1975, Kodak invents digital photography. Management does not see value in developing it to the point where it can be sold to consumers. (Why should they, film is doing multiple billions of business per year!) Patents are filed.
1980s: People decide to give digital a try. Kodak decides film is still better and pursues the medical diagnostic film market. Fujifilm eats away at their domestic consumer film sales. Kodak tries to enter the battery market and gets properly served by Duracell.
1990: Kodak introduces Photo CD because they just don't 'get it' that it's a huge waste of money when you can just exchange photographs in GIF or JPEG format. It's not very successful, and R&D costs are high.
1991, Kodak releases a 1.3 megapixel digital camera. It's not very good.
Mid 1990s: Various sub-par digital cameras are made while the bulk of their focus is still on film and paper. The film business is really, really good. New film products continue to be developed and introduced to the market.
Late 1990s: Kodak introduces APS, trying to divert consumer attention from the growing digital 'fad'.
2001: Kodak unveils the Easyshare system, which is years behind upon release. The gallery website you're supposed to use is terrible, the product is the epitome of crashy TWAIN junk. Image quality isn't comparable to film. Around this time, they have a series of market-dominating digital cameras, but that's not because they're good - that's because they're selling it so cheaply that they are taking a loss on every unit sold in the hopes that their consumables (Kodak photo paper and inks and Photo CDs and website products) will make up the difference. Maybe they're hoping enough people will have a bad experience that digital gets written off as a bad idea?

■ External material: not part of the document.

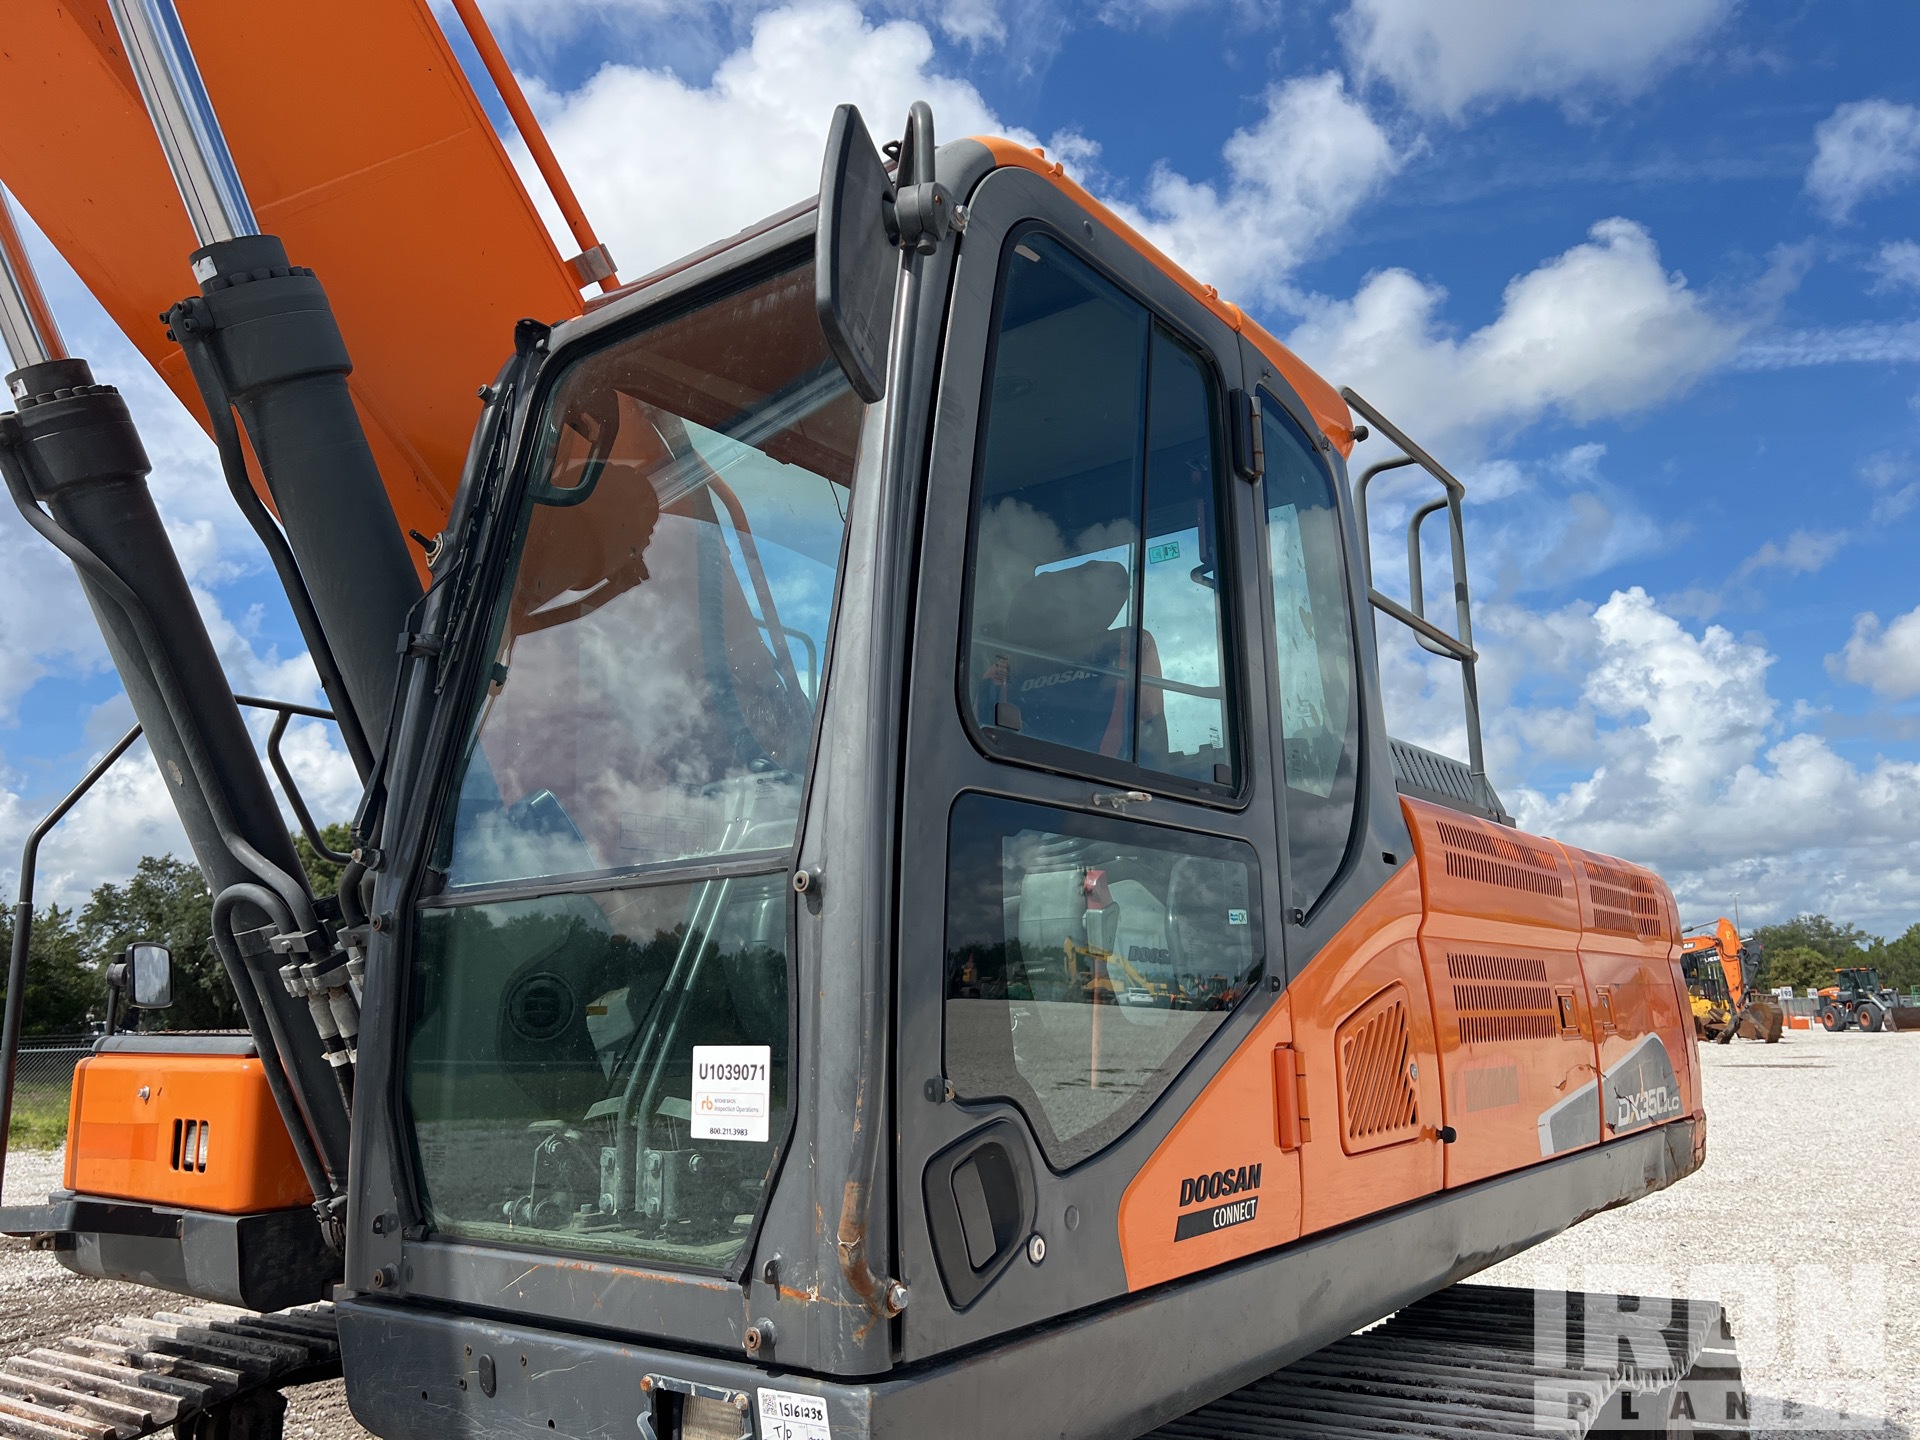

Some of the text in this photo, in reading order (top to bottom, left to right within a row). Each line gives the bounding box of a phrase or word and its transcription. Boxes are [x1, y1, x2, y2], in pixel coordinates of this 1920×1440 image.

Mid 2000s: Nikon and Canon eat their lunch in digital cameras because they (and Sony, and Sigma, and Pentax, and Olympus, etc etc) saw fit to pour huge R&D into digital camera development, while Kodak was going strong after film, which made them a lot of money at the time. Epson, HP and Canon also destroy them in the inkjet printing space while Kodak attempts to enter the market with a small thermal printer, which fails because it can't compete on price and also can't be used to print the kids' homework. Profits fall because digital starts a major takeover once it reaches 3 megapixel resolution, which is about the minimum you need for a 4x6 or 5x7, and they aren't ready with good products in the consumer space. Proprietary interconnects and dodgy online galleries aren't helping. Stocks plummet. It gets so bad they are removed from Dow Jones. The death spiral begins. Shedding employees neuters digital R&D and puts them even further behind, which accelerates their decline.
Late 2000s: Cell phone companies, particularly Nokia and Apple, are now the biggest digital camera manufacturers in the world. They do it without Kodak's products. Kodak is a distant single-digit percentage of the market. They resort to lawsuits to try to sustain the business, which is barely surviving on medical imaging and cinema film at this point.
Early 2010s: After filing for bankruptcy, they have sold large portions of their patent portfolio. They have closed or sold many parts of the business. Film and paper are sold. Online galleries are sold to Shutterfly. Pension plans are outright cancelled, leaving many retirees without any options.